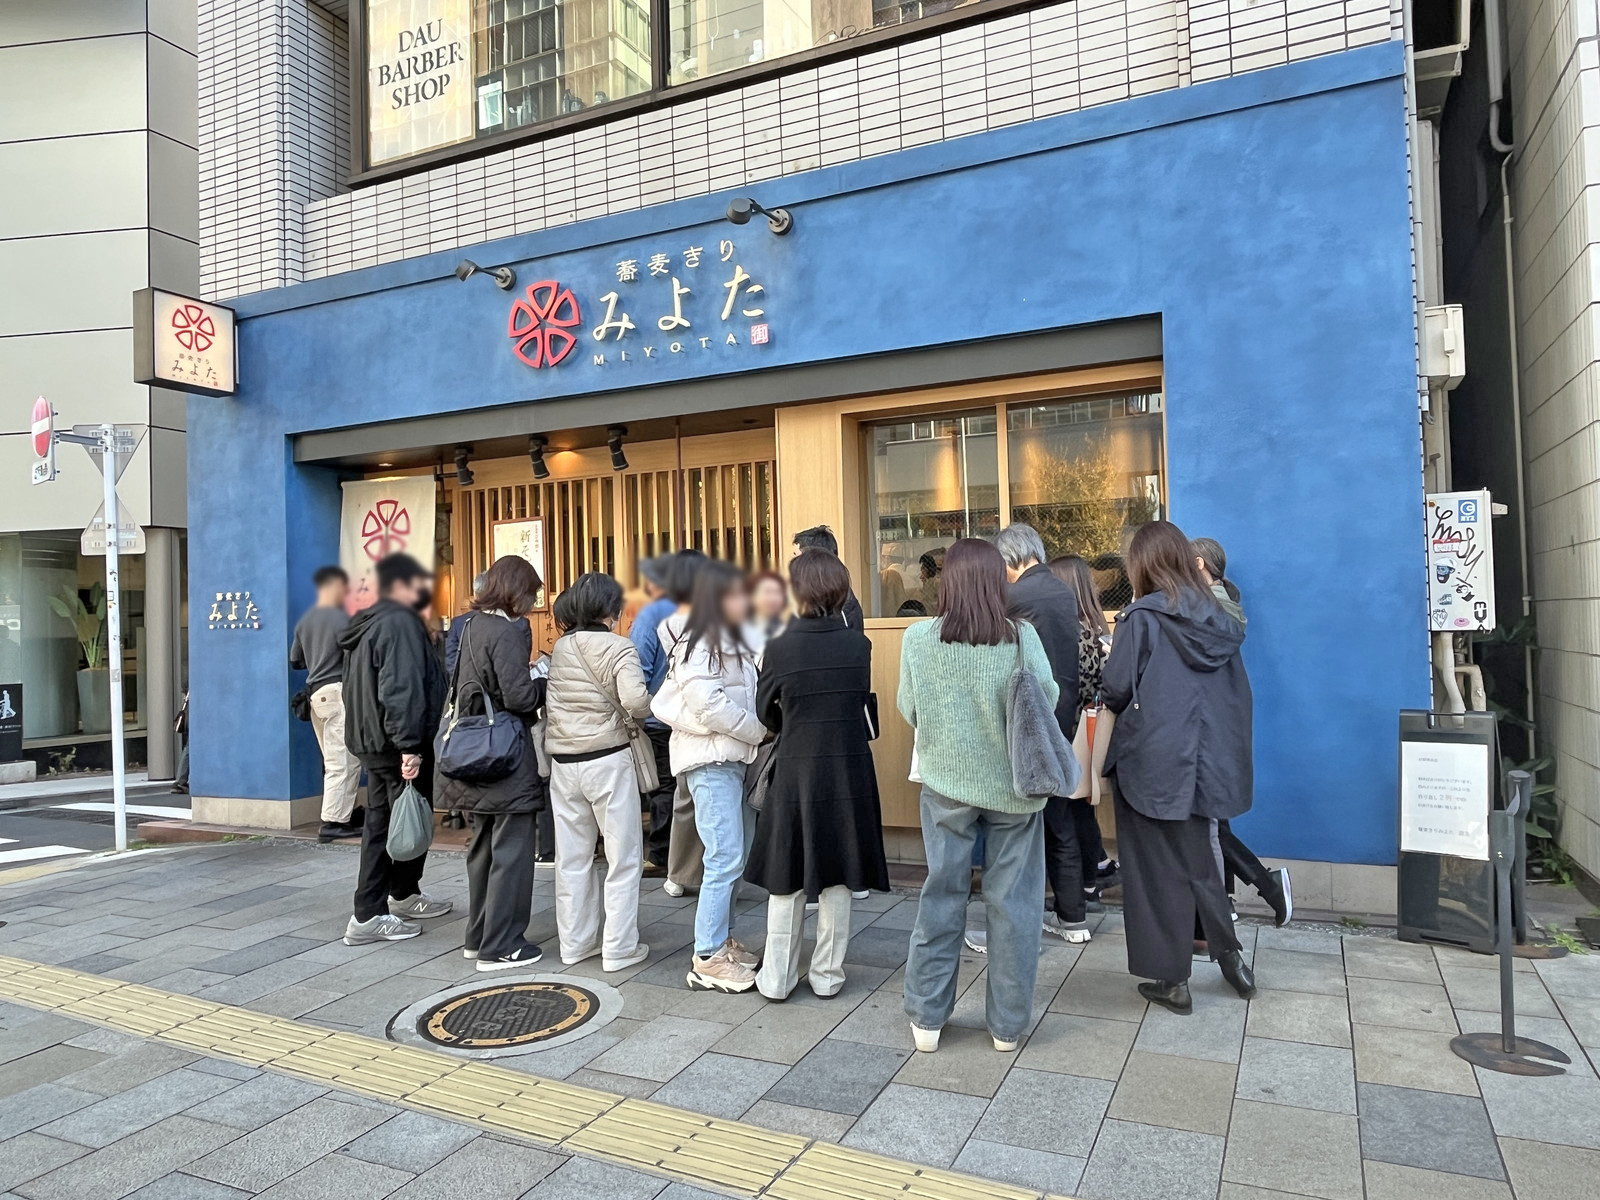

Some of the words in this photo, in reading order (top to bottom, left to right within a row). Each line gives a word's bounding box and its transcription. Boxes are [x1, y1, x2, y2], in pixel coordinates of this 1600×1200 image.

[398, 18, 443, 53] DAU
[378, 41, 464, 87] BARBER
[391, 73, 451, 110] SHOP
[616, 239, 735, 283] 蕎麦きり
[592, 264, 765, 342] みよた
[593, 332, 737, 366] MIYOTA
[171, 359, 217, 380] みよた
[208, 600, 258, 622] みよた
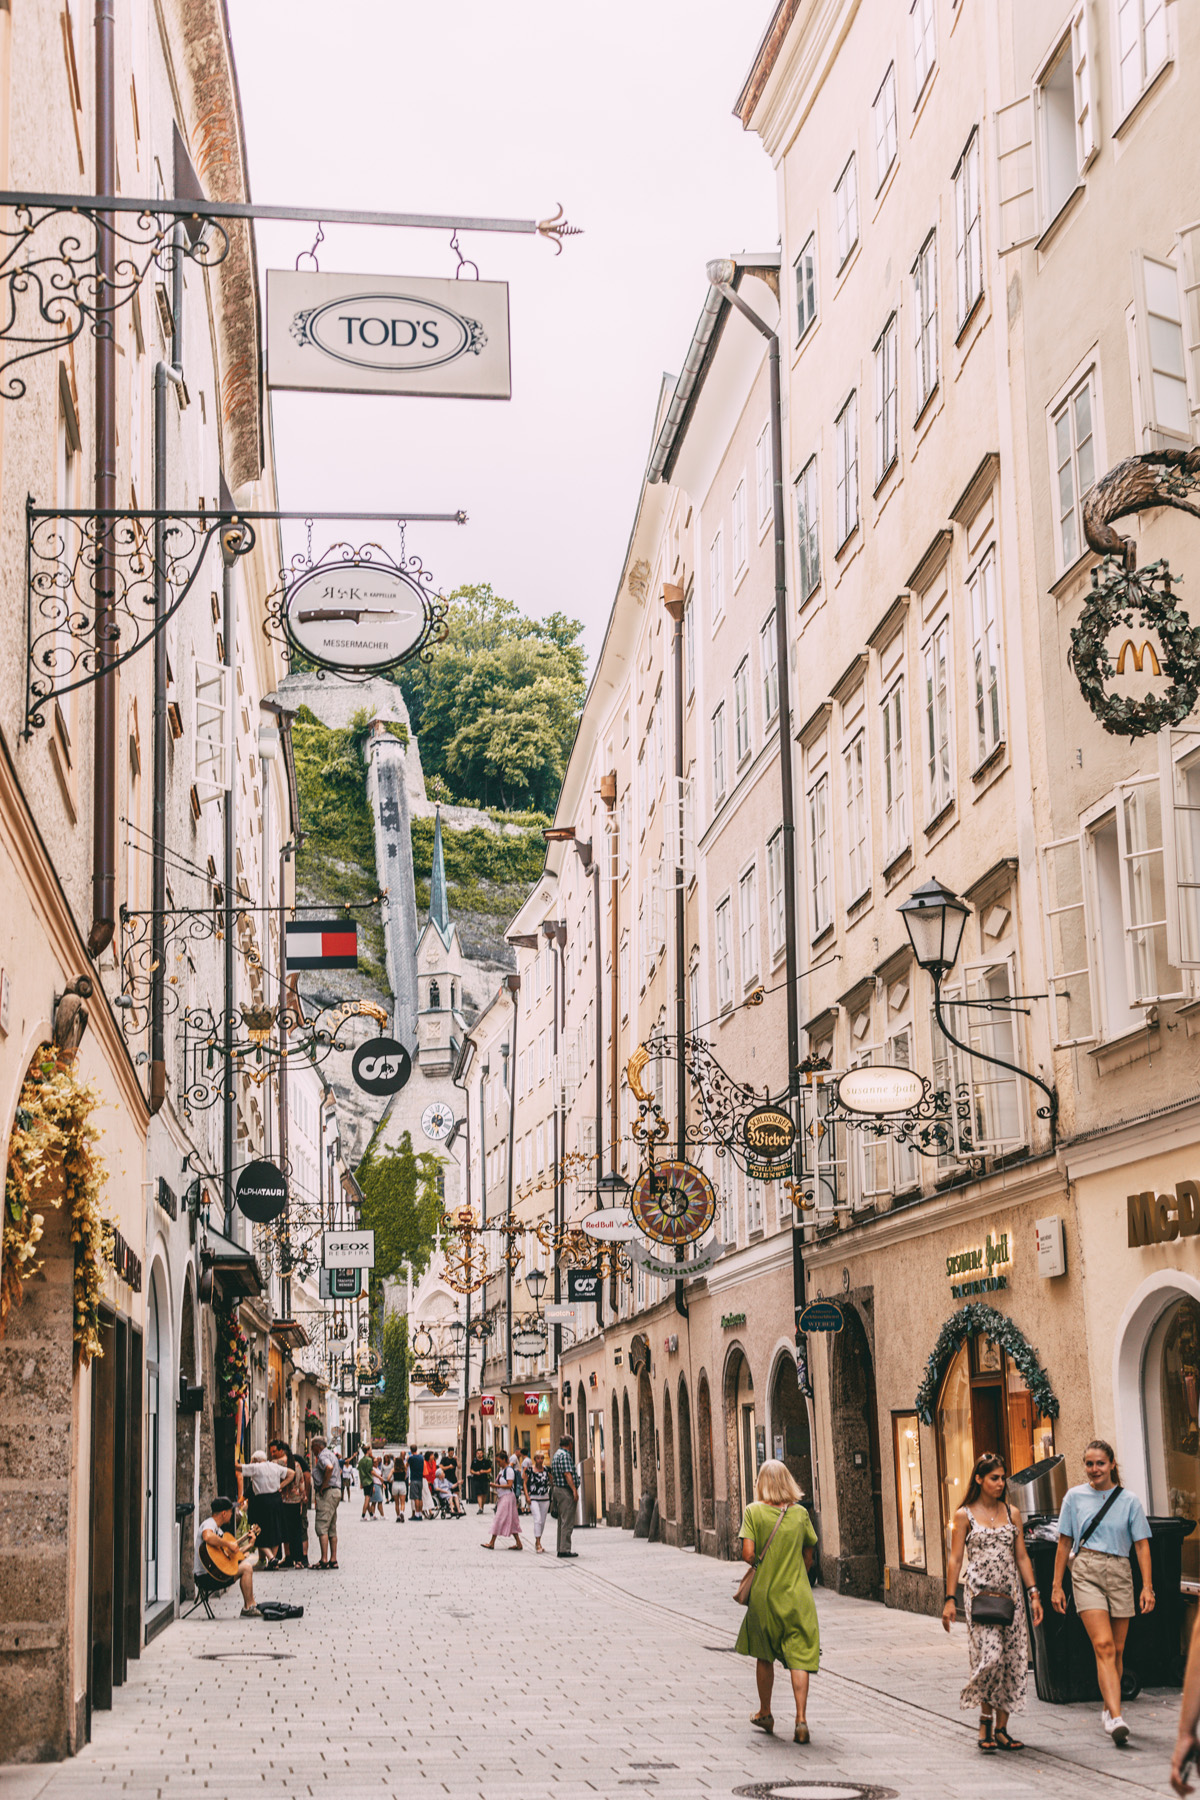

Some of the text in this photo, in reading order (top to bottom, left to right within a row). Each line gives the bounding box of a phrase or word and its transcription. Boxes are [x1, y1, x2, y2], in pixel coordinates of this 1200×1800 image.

[338, 316, 440, 349] TOD'S
[322, 639, 389, 650] MESSERMACHER
[846, 1087, 889, 1096] susanne
[749, 1114, 791, 1128] SCHLOSSEREI
[747, 1129, 792, 1147] Wieber
[752, 1170, 787, 1179] DIENST
[238, 1187, 285, 1197] ALPHATAURI
[585, 1221, 600, 1229] Red
[600, 1221, 614, 1229] Bull
[329, 1242, 369, 1251] GEOX
[641, 1257, 712, 1275] Aschauer
[546, 1309, 571, 1318] swatch
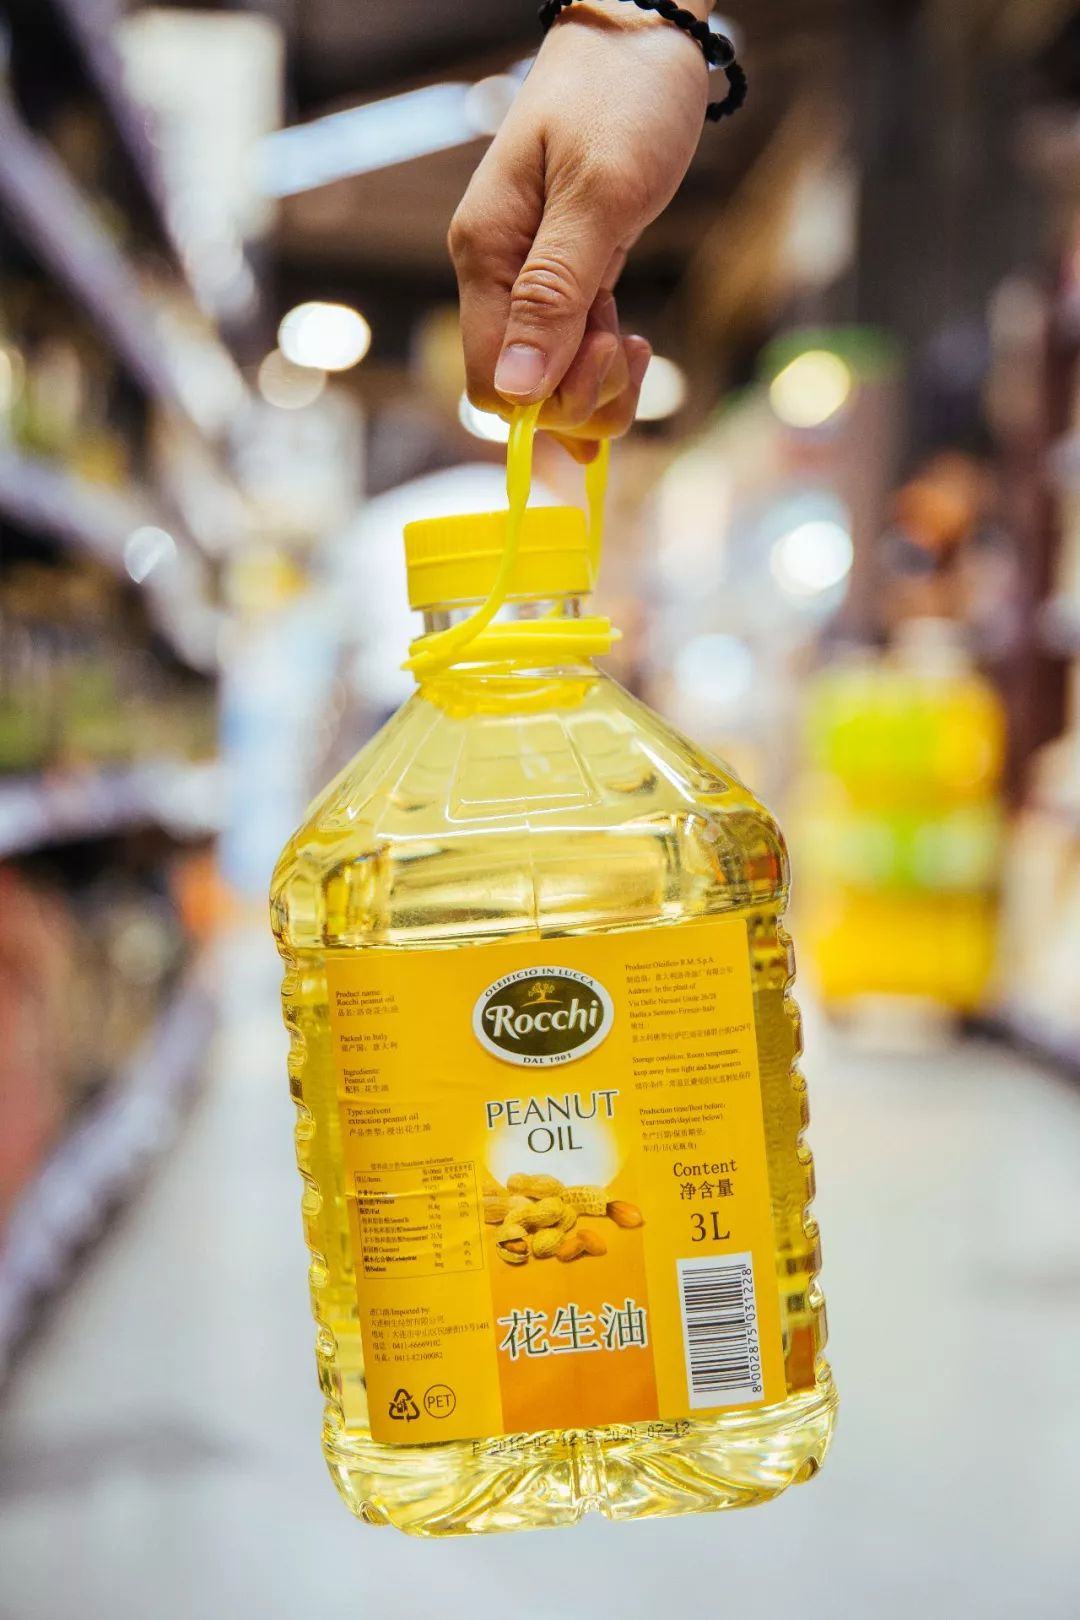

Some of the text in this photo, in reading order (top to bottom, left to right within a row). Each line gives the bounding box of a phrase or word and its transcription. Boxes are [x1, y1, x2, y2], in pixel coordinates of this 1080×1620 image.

[485, 968, 538, 997] OLEIFICIO
[558, 968, 594, 987] LUCCA
[485, 998, 599, 1040] Rocchi
[340, 1034, 362, 1042] Packed
[523, 1056, 544, 1064] DAL
[383, 1115, 407, 1124] peanut
[486, 1091, 618, 1128] PEANUT
[527, 1125, 583, 1154] OIL
[673, 1159, 738, 1177] Content
[679, 1178, 734, 1200] 净含量
[690, 1210, 731, 1242] 3L
[498, 1299, 647, 1359] 花生油
[427, 1394, 452, 1409] PET
- - - - -
== Prompt ==
In full and without change, repeat the material above, minus the pictures.

== Solution to the exercise ==
Some of the words in this photo, in reading order (top to bottom, left to right within a row). Each line gives a word's bounding box and its transcription. Boxes are [x1, y1, x2, y2], in pixel coordinates of this 1600×1200 image.

[398, 18, 443, 53] DAU
[378, 41, 464, 87] BARBER
[391, 73, 451, 110] SHOP
[616, 239, 735, 283] 蕎麦きり
[592, 264, 765, 342] みよた
[593, 332, 737, 366] MIYOTA
[171, 359, 217, 380] みよた
[208, 600, 258, 622] みよた

Some of the text in this photo, in reading order (top to bottom, left to right within a row). Each line gives the bounding box of a phrase or word and its transcription. Boxes are [x1, y1, x2, y2], in pixel coordinates of this 1200×1800 image.

[338, 316, 440, 349] TOD'S
[322, 639, 389, 650] MESSERMACHER
[846, 1087, 889, 1096] susanne
[749, 1114, 791, 1128] SCHLOSSEREI
[747, 1129, 792, 1147] Wieber
[752, 1170, 787, 1179] DIENST
[238, 1187, 285, 1197] ALPHATAURI
[585, 1221, 600, 1229] Red
[600, 1221, 614, 1229] Bull
[329, 1242, 369, 1251] GEOX
[641, 1257, 712, 1275] Aschauer
[546, 1309, 571, 1318] swatch

Some of the text in this photo, in reading order (top to bottom, left to right within a row). Each line gives the bounding box of a phrase or word and its transcription. Boxes are [x1, y1, x2, y2], in pixel coordinates of this 1080×1620 image.

[485, 968, 538, 997] OLEIFICIO
[558, 968, 594, 987] LUCCA
[485, 998, 599, 1040] Rocchi
[340, 1034, 362, 1042] Packed
[523, 1056, 544, 1064] DAL
[383, 1115, 407, 1124] peanut
[486, 1091, 618, 1128] PEANUT
[527, 1125, 583, 1154] OIL
[673, 1159, 738, 1177] Content
[679, 1178, 734, 1200] 净含量
[690, 1210, 731, 1242] 3L
[498, 1299, 647, 1359] 花生油
[427, 1394, 452, 1409] PET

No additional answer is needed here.